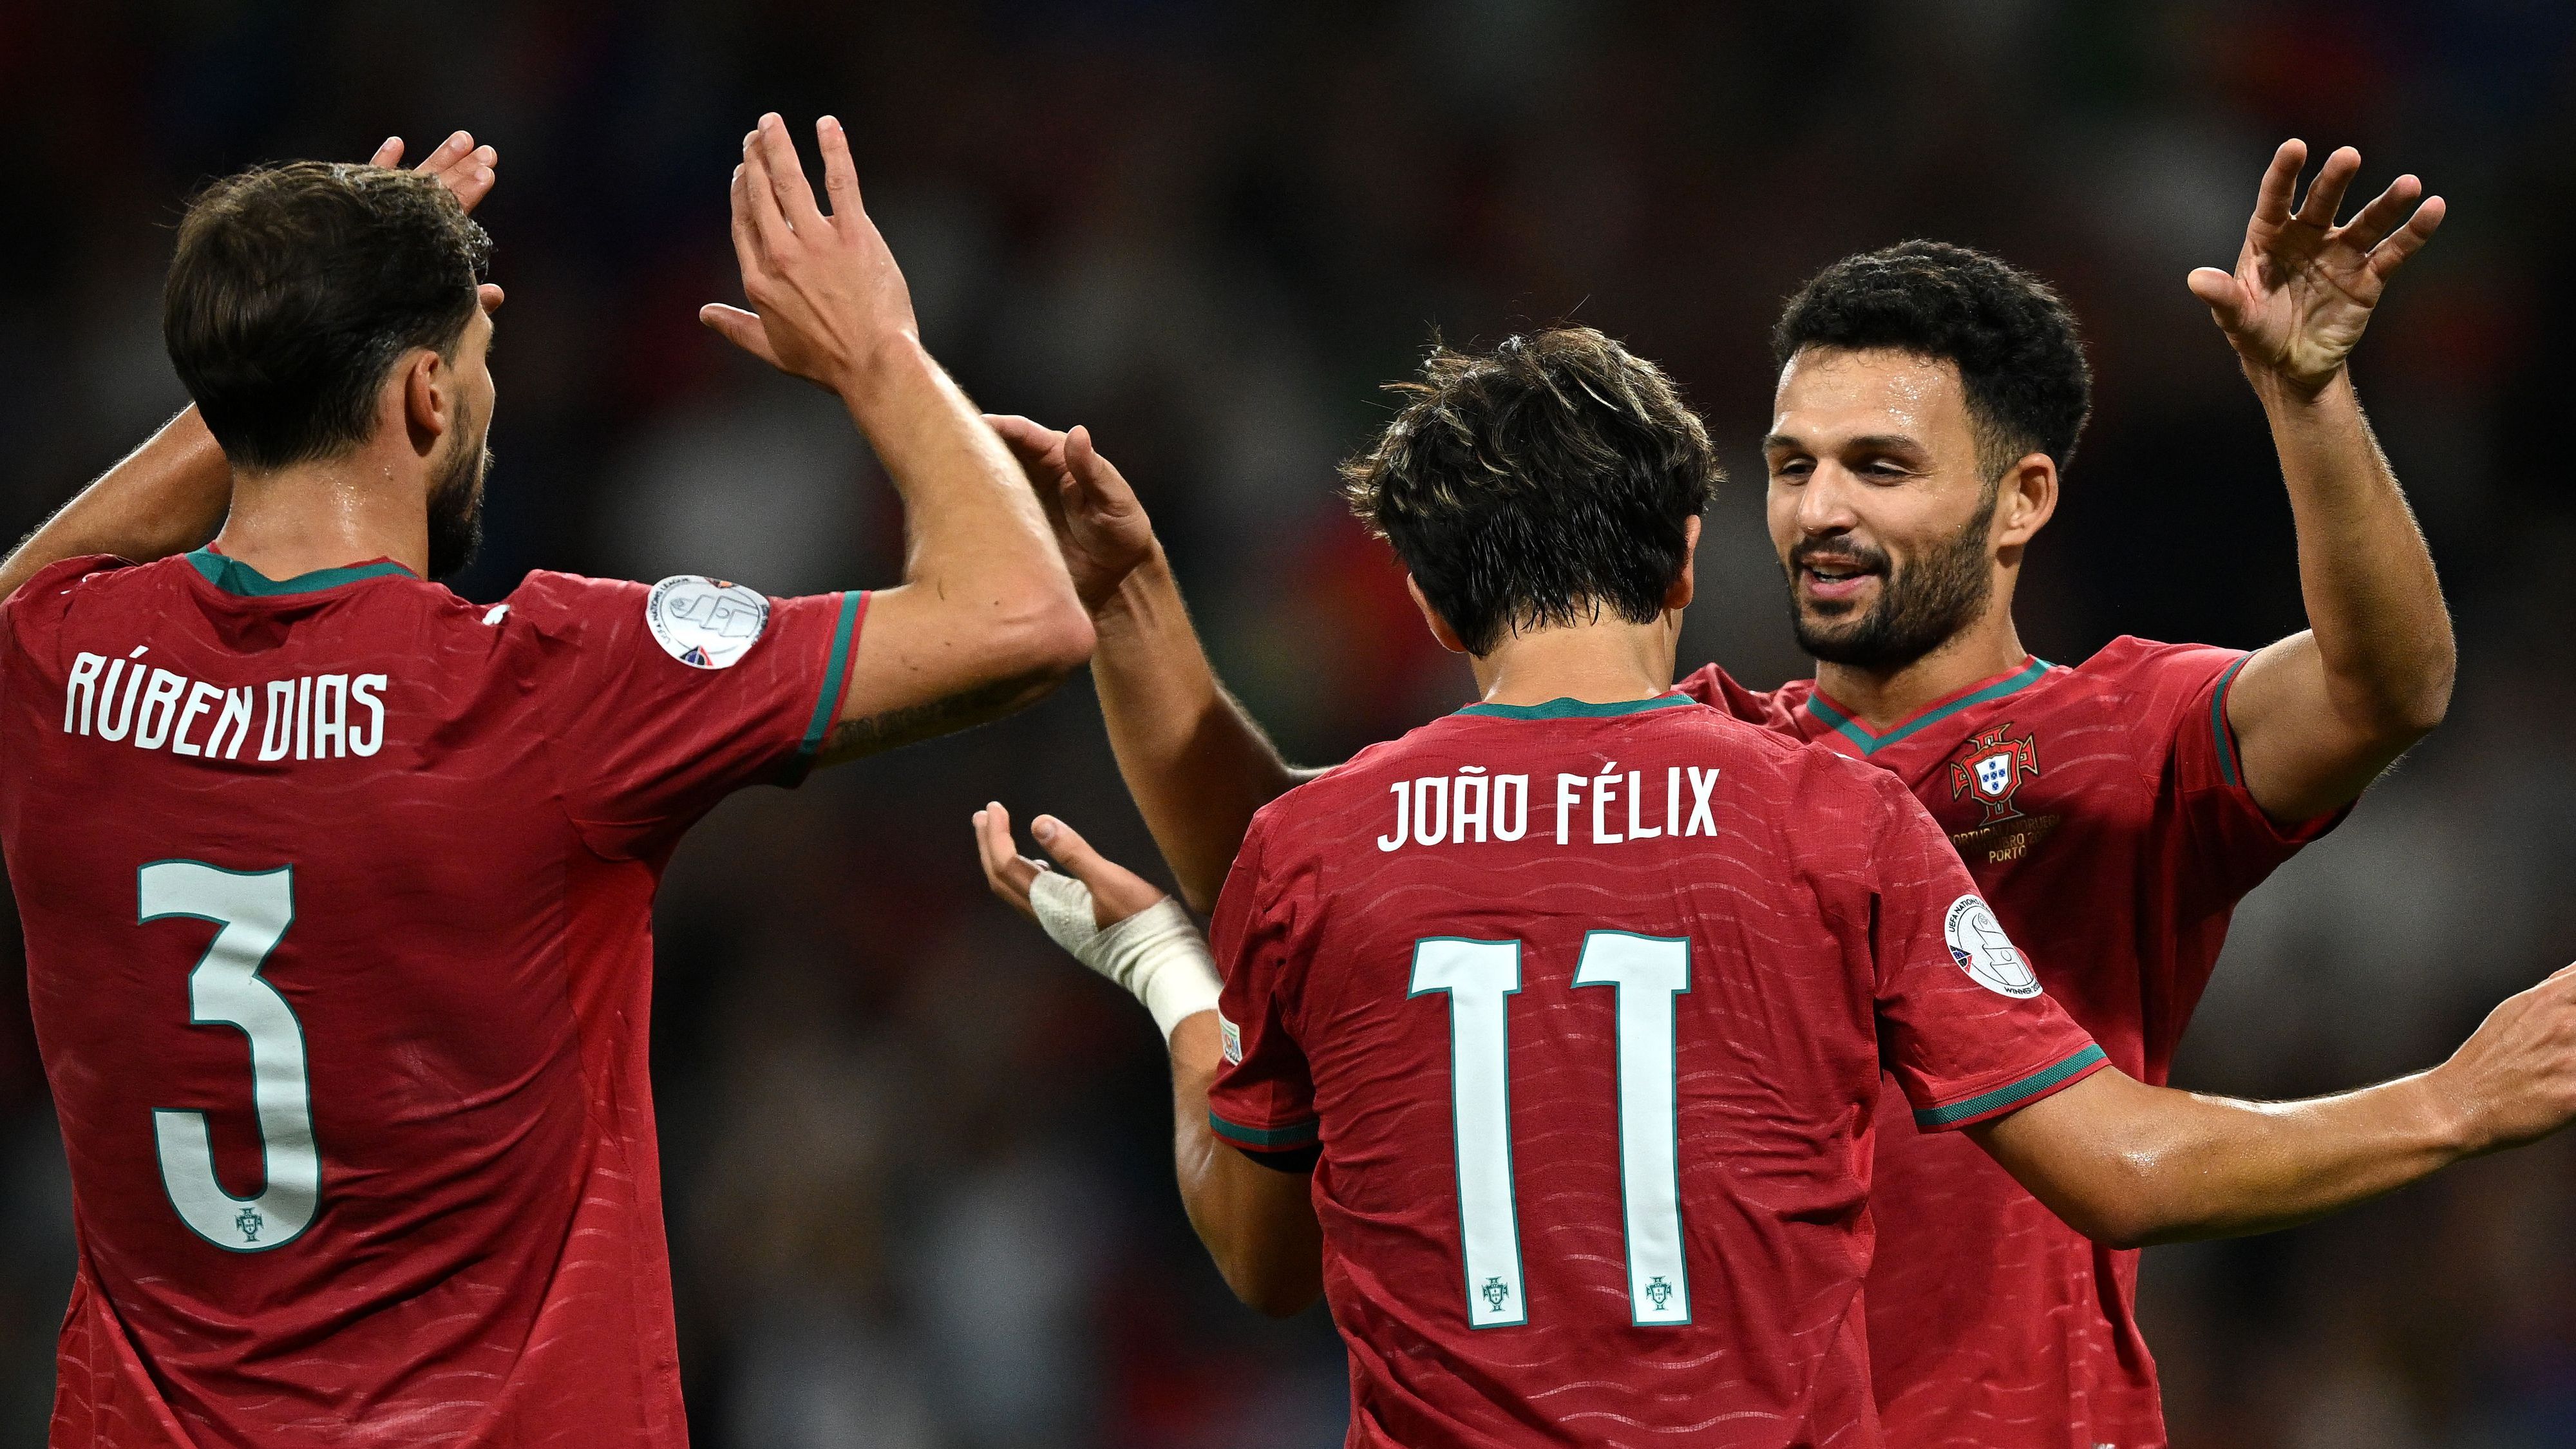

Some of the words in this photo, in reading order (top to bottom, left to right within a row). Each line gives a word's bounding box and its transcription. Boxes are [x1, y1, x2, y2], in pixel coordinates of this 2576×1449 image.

[64, 645, 253, 760] RÚBEN
[257, 673, 388, 762] DIAS
[1377, 765, 1529, 852] JOÃO
[1556, 761, 1720, 846] FÉLIX
[1989, 844, 2027, 864] PORTO
[1948, 914, 1959, 933] UEFA
[137, 858, 322, 1253] 3
[1405, 929, 1692, 1330] 11
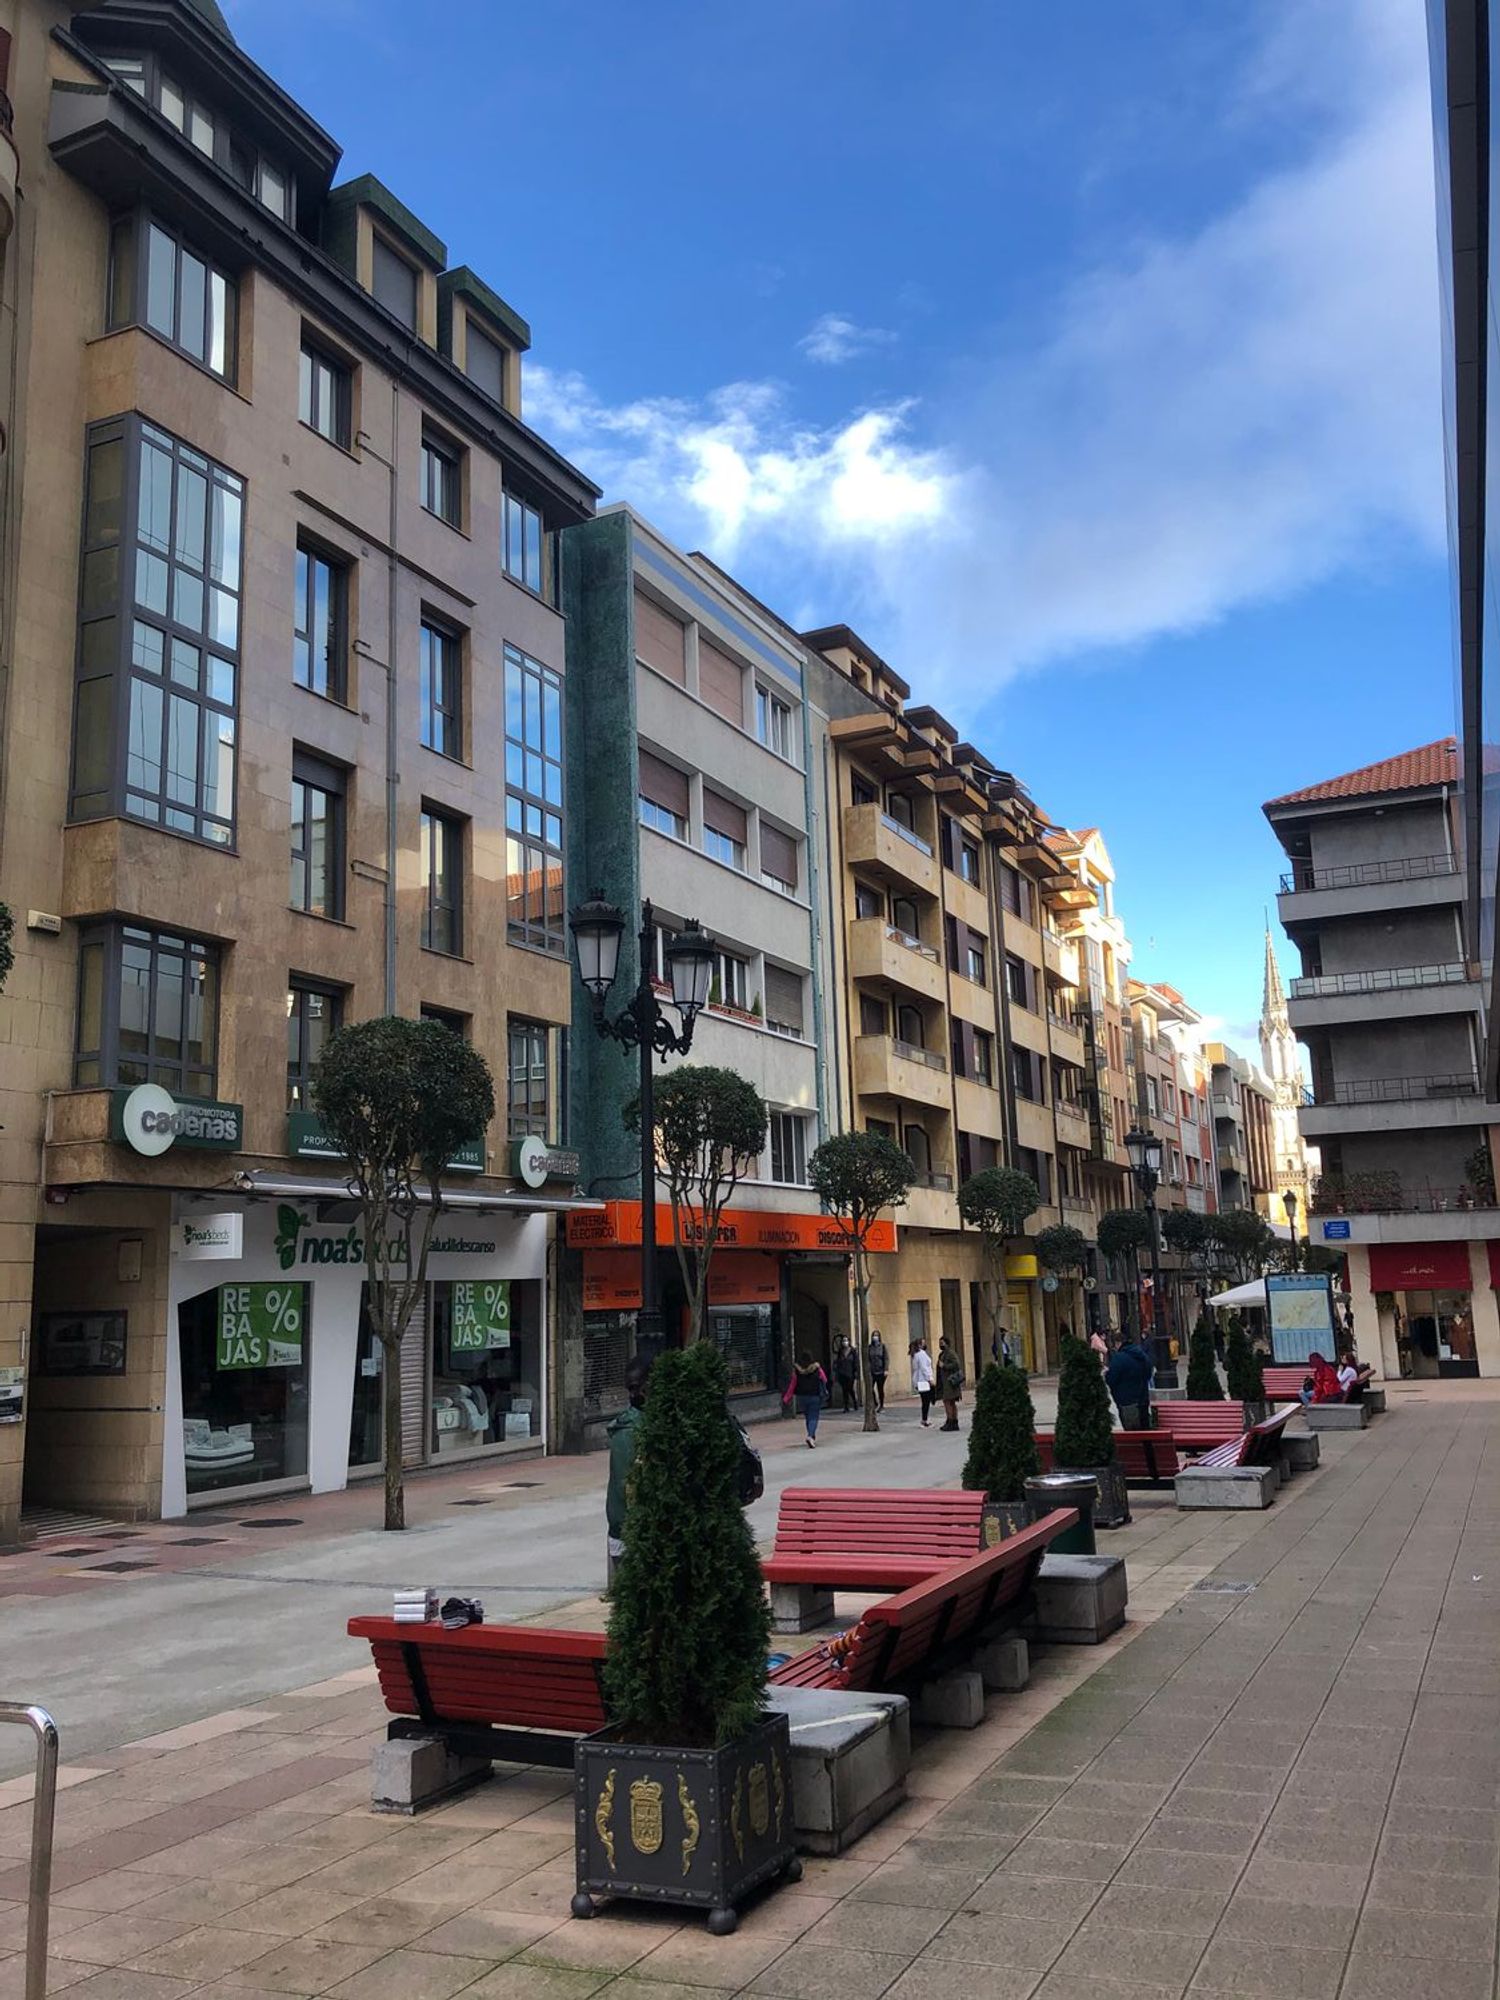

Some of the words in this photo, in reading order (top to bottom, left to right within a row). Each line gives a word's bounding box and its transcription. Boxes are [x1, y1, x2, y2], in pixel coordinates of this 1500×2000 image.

[573, 1213, 612, 1227] MATERIAL
[223, 1288, 251, 1313] RE
[455, 1283, 475, 1304] RE
[454, 1304, 477, 1325] BA
[222, 1313, 253, 1339] BA
[453, 1325, 483, 1347] JAS
[220, 1337, 262, 1366] JAS
+ + + + +
**Instructions to follow**
Every line above should be copied exactly; do not carry over the pictures.

**Output**
Some of the words in this photo, in reading order (top to bottom, left to right within a row). Each line gives a word's bounding box and its transcription. Boxes are [x1, y1, x2, y2], in pixel coordinates of this 2576×1449 image.

[64, 645, 253, 760] RÚBEN
[257, 673, 388, 762] DIAS
[1377, 765, 1529, 852] JOÃO
[1556, 761, 1720, 846] FÉLIX
[1989, 844, 2027, 864] PORTO
[1948, 914, 1959, 933] UEFA
[137, 858, 322, 1253] 3
[1405, 929, 1692, 1330] 11

Some of the words in this photo, in reading order (top to bottom, left to right within a row). Each line gives a word's bounding box and its transcription. Boxes are [x1, y1, x2, y2], in pixel coordinates of this 1500×2000 image.

[573, 1213, 612, 1227] MATERIAL
[223, 1288, 251, 1313] RE
[455, 1283, 475, 1304] RE
[454, 1304, 477, 1325] BA
[222, 1313, 253, 1339] BA
[453, 1325, 483, 1347] JAS
[220, 1337, 262, 1366] JAS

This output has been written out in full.